Quote every line of the material beneath this one.

[PROVIDED DATA]

"""

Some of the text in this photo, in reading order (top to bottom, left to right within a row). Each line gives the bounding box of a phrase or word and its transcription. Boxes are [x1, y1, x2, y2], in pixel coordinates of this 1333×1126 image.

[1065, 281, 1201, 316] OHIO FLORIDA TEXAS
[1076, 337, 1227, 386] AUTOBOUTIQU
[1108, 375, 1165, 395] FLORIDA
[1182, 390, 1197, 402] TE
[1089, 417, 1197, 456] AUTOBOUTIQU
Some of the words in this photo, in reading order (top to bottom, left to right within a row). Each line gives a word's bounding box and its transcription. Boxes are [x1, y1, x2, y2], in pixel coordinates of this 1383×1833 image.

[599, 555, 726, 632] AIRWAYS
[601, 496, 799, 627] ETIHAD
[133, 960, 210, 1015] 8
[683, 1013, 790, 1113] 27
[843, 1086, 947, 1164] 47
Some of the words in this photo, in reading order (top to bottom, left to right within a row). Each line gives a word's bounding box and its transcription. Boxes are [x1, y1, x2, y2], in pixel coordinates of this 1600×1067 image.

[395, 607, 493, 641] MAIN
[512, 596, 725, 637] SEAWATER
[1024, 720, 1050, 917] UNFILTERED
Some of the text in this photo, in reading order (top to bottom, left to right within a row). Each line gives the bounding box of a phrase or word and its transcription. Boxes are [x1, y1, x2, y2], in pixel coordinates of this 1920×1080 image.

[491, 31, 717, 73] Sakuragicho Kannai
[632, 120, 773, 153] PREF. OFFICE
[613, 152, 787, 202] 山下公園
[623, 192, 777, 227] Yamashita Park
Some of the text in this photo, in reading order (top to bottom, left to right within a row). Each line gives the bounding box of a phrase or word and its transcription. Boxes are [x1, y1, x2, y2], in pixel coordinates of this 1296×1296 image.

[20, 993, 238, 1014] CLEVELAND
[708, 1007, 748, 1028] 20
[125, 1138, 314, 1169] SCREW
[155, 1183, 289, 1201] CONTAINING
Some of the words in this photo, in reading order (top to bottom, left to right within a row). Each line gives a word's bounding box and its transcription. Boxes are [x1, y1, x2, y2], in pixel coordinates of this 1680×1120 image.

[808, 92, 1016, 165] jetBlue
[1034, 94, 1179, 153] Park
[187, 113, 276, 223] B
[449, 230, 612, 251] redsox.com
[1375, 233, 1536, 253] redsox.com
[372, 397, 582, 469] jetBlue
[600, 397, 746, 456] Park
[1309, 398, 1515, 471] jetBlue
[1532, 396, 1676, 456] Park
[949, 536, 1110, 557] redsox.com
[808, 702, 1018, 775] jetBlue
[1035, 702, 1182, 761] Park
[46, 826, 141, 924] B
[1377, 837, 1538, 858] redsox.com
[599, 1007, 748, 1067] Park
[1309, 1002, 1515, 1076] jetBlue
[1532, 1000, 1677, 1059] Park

"""

[SOLUTION TO THE EXERCISE]
Some of the text in this photo, in reading order (top to bottom, left to right within a row). Each line gives the bounding box of a phrase or word and its transcription. Boxes are [x1, y1, x2, y2], in pixel coordinates of this 1333×1126 image.

[1065, 281, 1201, 316] OHIO FLORIDA TEXAS
[1076, 337, 1227, 386] AUTOBOUTIQU
[1108, 375, 1165, 395] FLORIDA
[1182, 390, 1197, 402] TE
[1089, 417, 1197, 456] AUTOBOUTIQU
Some of the words in this photo, in reading order (top to bottom, left to right within a row). Each line gives a word's bounding box and its transcription. Boxes are [x1, y1, x2, y2], in pixel coordinates of this 1383×1833 image.

[599, 555, 726, 632] AIRWAYS
[601, 496, 799, 627] ETIHAD
[133, 960, 210, 1015] 8
[683, 1013, 790, 1113] 27
[843, 1086, 947, 1164] 47
Some of the words in this photo, in reading order (top to bottom, left to right within a row). Each line gives a word's bounding box and its transcription. Boxes are [x1, y1, x2, y2], in pixel coordinates of this 1600×1067 image.

[395, 607, 493, 641] MAIN
[512, 596, 725, 637] SEAWATER
[1024, 720, 1050, 917] UNFILTERED
Some of the text in this photo, in reading order (top to bottom, left to right within a row). Each line gives the bounding box of a phrase or word and its transcription. Boxes are [x1, y1, x2, y2], in pixel coordinates of this 1920×1080 image.

[491, 31, 717, 73] Sakuragicho Kannai
[632, 120, 773, 153] PREF. OFFICE
[613, 152, 787, 202] 山下公園
[623, 192, 777, 227] Yamashita Park
Some of the text in this photo, in reading order (top to bottom, left to right within a row). Each line gives the bounding box of a phrase or word and its transcription. Boxes are [x1, y1, x2, y2], in pixel coordinates of this 1296×1296 image.

[20, 993, 238, 1014] CLEVELAND
[708, 1007, 748, 1028] 20
[125, 1138, 314, 1169] SCREW
[155, 1183, 289, 1201] CONTAINING
Some of the words in this photo, in reading order (top to bottom, left to right within a row). Each line gives a word's bounding box and its transcription. Boxes are [x1, y1, x2, y2], in pixel coordinates of this 1680×1120 image.

[808, 92, 1016, 165] jetBlue
[1034, 94, 1179, 153] Park
[187, 113, 276, 223] B
[449, 230, 612, 251] redsox.com
[1375, 233, 1536, 253] redsox.com
[372, 397, 582, 469] jetBlue
[600, 397, 746, 456] Park
[1309, 398, 1515, 471] jetBlue
[1532, 396, 1676, 456] Park
[949, 536, 1110, 557] redsox.com
[808, 702, 1018, 775] jetBlue
[1035, 702, 1182, 761] Park
[46, 826, 141, 924] B
[1377, 837, 1538, 858] redsox.com
[599, 1007, 748, 1067] Park
[1309, 1002, 1515, 1076] jetBlue
[1532, 1000, 1677, 1059] Park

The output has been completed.